Wednesday, January 07, 2009, 10:23 AM

COA Invalidates A Non-Compete And Non-Solicitation Agreement, While Limiting Trade-Secrets Damages

Yesterday the NC Court of Appeals (COA) invalidated a noncompete and nonsolicitaiton agreement as facially overbroad. The case is Medical Staffing Network, Inc. v. Ridgway. The decision required the COA to vacate a seven-figure judgment that the former employer obtained against the former employee and his new employer. The Court also gave direction (and limiting principles) for damages in trade secrets cases.

Plaintiff (MSN) is a medical staffing company (e.g., providing per diem nurses to hospitals and healthcare providers). The employee was hired to be manager of the MSN's Raleigh branch, with accounts including WakeMed. Five years later, he resigned to join a Raleigh competitor, and WakeMed went with him.

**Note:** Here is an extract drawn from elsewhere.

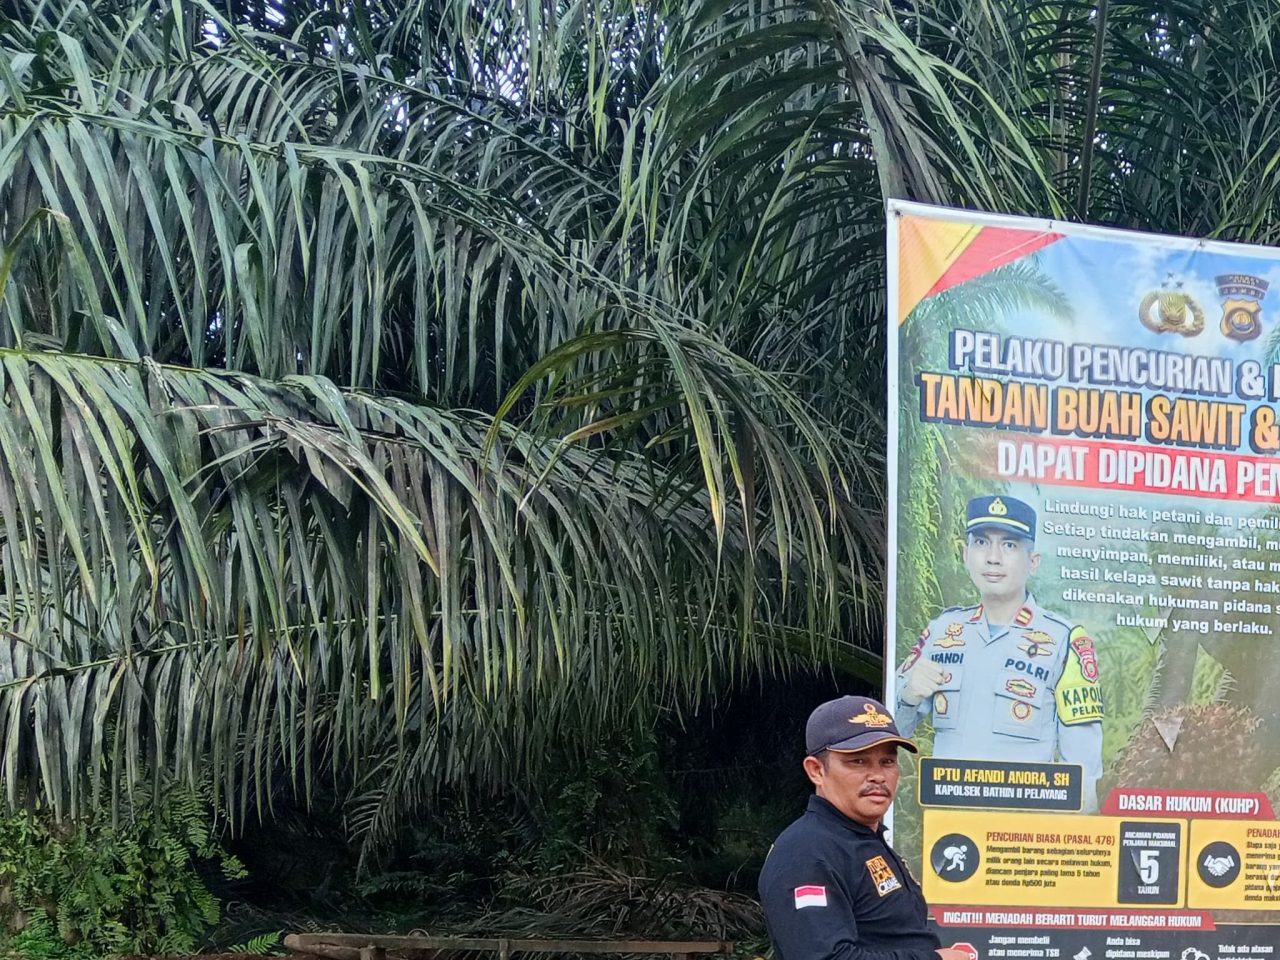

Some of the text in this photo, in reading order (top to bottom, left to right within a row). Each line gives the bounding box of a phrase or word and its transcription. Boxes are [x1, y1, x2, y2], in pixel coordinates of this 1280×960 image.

Although he had signed a noncompete with MSN, he contended it was unenforceable. The noncompete defined MSN (and thus the scope of his noncompetition duty) to include not only MSN but also "any parent, division, subsidiary, affiliate, predecessor, successor, or assignee" of MSN. "As drafted," the COA therefore observed, "the covenant not to compete would prevent Ridgway from working in any business within a 60-mile radius of Raleigh that competes with MSN's parent, or any of its divisions, subsidiaries, affiliates, predecessors, or assignees, even if Ridgway's employment duties for MSN had nothing to do with that business." The COA indicated that this ran afoul of the rule that a company has no legitimate interest in preventing an employee from competing with affiliated companies. The COA also held that it ran afoul of the rule that a noncompete is unenforceable if it prohibits the employee from work that is distinct from the duties he actually performed as an employee.

Likewise, the COA held that the nonsolicitation clause in his agreement was invalid because it prevented Ridgway not only from engaging in business with current and former clients of of MSN with whom he had developed a relationship, but also prohibited him from soliciting the business of any "MSN client," which the agreement defined to include clients of any MSN affiliates or divisions, which would include those outside the medical staffing business with whom he wouldn't have had any contact.

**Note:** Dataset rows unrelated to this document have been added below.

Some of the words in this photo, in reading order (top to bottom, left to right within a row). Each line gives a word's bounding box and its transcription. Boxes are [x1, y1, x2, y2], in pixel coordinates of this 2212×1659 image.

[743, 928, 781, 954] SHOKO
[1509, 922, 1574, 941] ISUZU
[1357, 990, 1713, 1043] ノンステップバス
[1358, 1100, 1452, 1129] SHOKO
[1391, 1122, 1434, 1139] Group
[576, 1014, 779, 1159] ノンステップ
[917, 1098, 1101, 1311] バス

In sum, the COA held that MSN didn't show it had "any legitimate business interest in preventing competition with, or foreclosing the solicitation of clients and employees of, unrestricted and undefined affiliated companies that engage in a business distinct from the medical staffing business in which Ridgway had been employed."

Thus, as a result of overbroad drafting, the noncompete couldn't be enforced even though Ridgway was competing directly with MSN (not its affiliates) in the medical staffing business (not some unrelated business) and was soliciting clients of MSN with whom he had contact at MSN (not clients of an affiliate with whom he hadn't had contact). No blue penciling.

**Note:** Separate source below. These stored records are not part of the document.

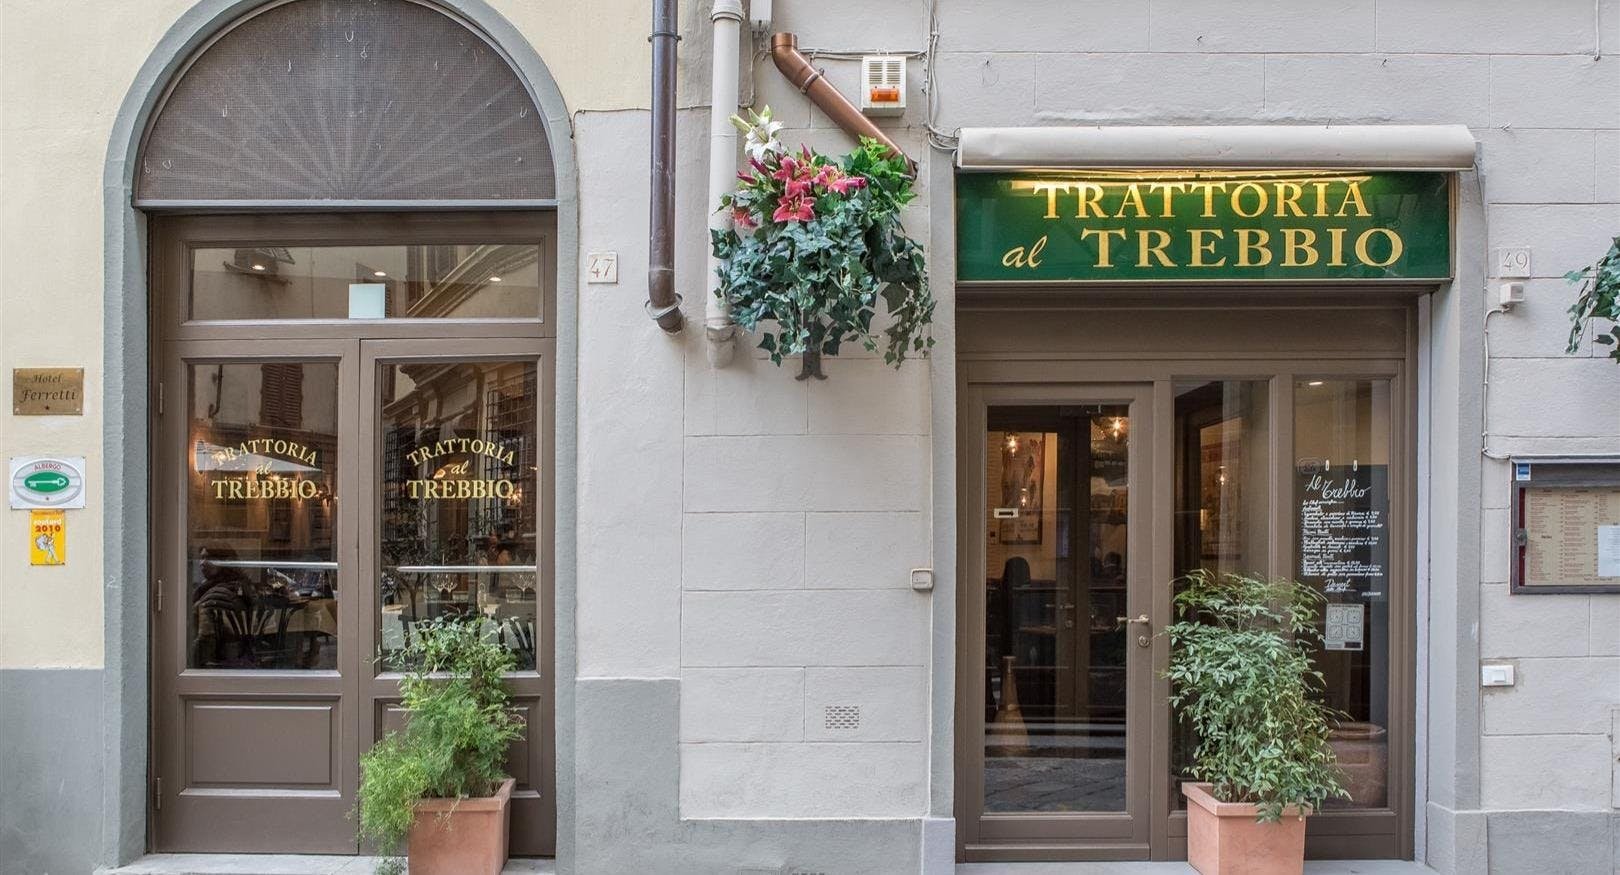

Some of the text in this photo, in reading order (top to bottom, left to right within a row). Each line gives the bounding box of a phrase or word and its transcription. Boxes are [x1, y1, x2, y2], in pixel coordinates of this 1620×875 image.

[1033, 181, 1372, 219] TRATTORIA
[1002, 227, 1404, 269] al TREBBIO
[590, 257, 615, 279] 47
[1504, 252, 1528, 271] 49
[32, 374, 63, 384] Hotel
[20, 389, 77, 404] Ferretti
[211, 438, 318, 466] TRATTORIA
[406, 438, 515, 466] TRATTORIA
[33, 463, 62, 472] ALBERGO
[256, 460, 273, 475] al
[451, 460, 470, 475] al
[211, 479, 317, 499] TREBBIO
[406, 479, 514, 499] TREBBIO
[35, 525, 61, 533] 2010

But the COA did uphold plaintiff's judgment for misappropriation of trade secrets. The COA, however, agreed with defendants that damages on that claim were based on an improper measure and remanded with instructions on how to calculate damages on that claim. This aspect of the opinion is an important cautionary decision limiting damages in trade secrets claims, underscoring that damages (or unjust enrichment) must be traced with reasonable certainty to the misappropriation itself.